The company said in a statement released today that based on the quotas allocated, it should be able to operate until approximately the end of August and the first week of September.
The company said that with the quota awarded to it last night, their quota for the current hake season is 23% less than previous seasons with the same Total Allowable Catch (TAC).
The company said it was evaluating the overall impact of this significant cut in its quotas on its business model, where after it will engage with its stakeholders.
According to the statement, the ministry of fisheries and marine resources engaged the company on 30 June, confirming that quotas were being released from as yet undistributed portions of the Hake TAC for the 2019/2020 season.
Upon receiving this confirmation, the company immediately commenced with operational planning, and the fleet will return to the fishing grounds between 1 July and 3 July.

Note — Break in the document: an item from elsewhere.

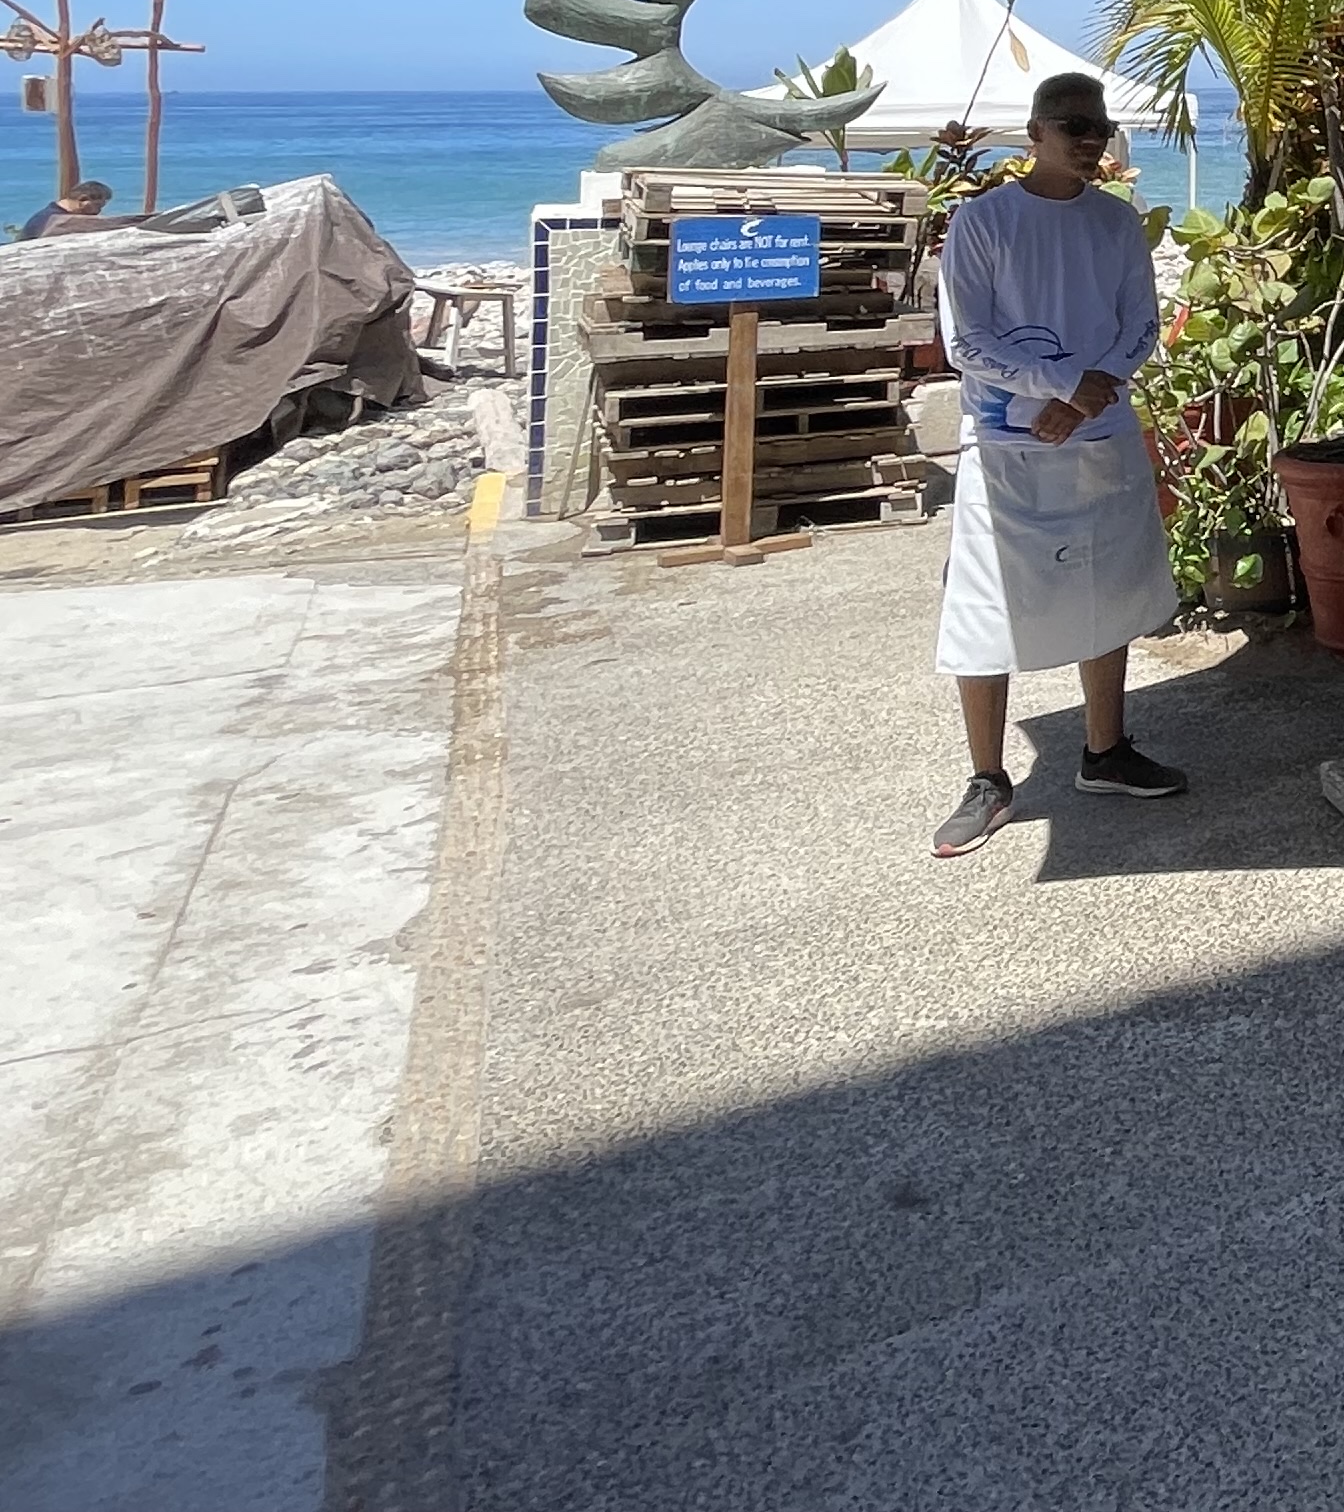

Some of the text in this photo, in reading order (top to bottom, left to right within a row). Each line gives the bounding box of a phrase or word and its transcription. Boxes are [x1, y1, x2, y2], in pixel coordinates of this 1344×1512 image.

The current fishing season ends on 30 September. The new hake fishing season commences on 1 November, as October is the traditional biological stoppage period.
NovaNam expanded its fleet last year with the acquisition of three wet-fish trawlers for its NovaNam and Lalandii subsidiaries. This was coupled with a N$450 million investment in wet-fish trawlers for its Namibian and Mozambican operations.
NovaNam, part of the Pescanova group of companies, was established in 1990. Lalandii was acquired by NovaNam in 2005 after the latter had been placed into liquidation by its former owners. These companies employ 2 100 workers, of which 1 800 are based at its wet-fish operations at Lüderitz.
A further 300 people are employed in NovaNam's freezer fleet operations at sea and its fish-processing plant in Walvis Bay.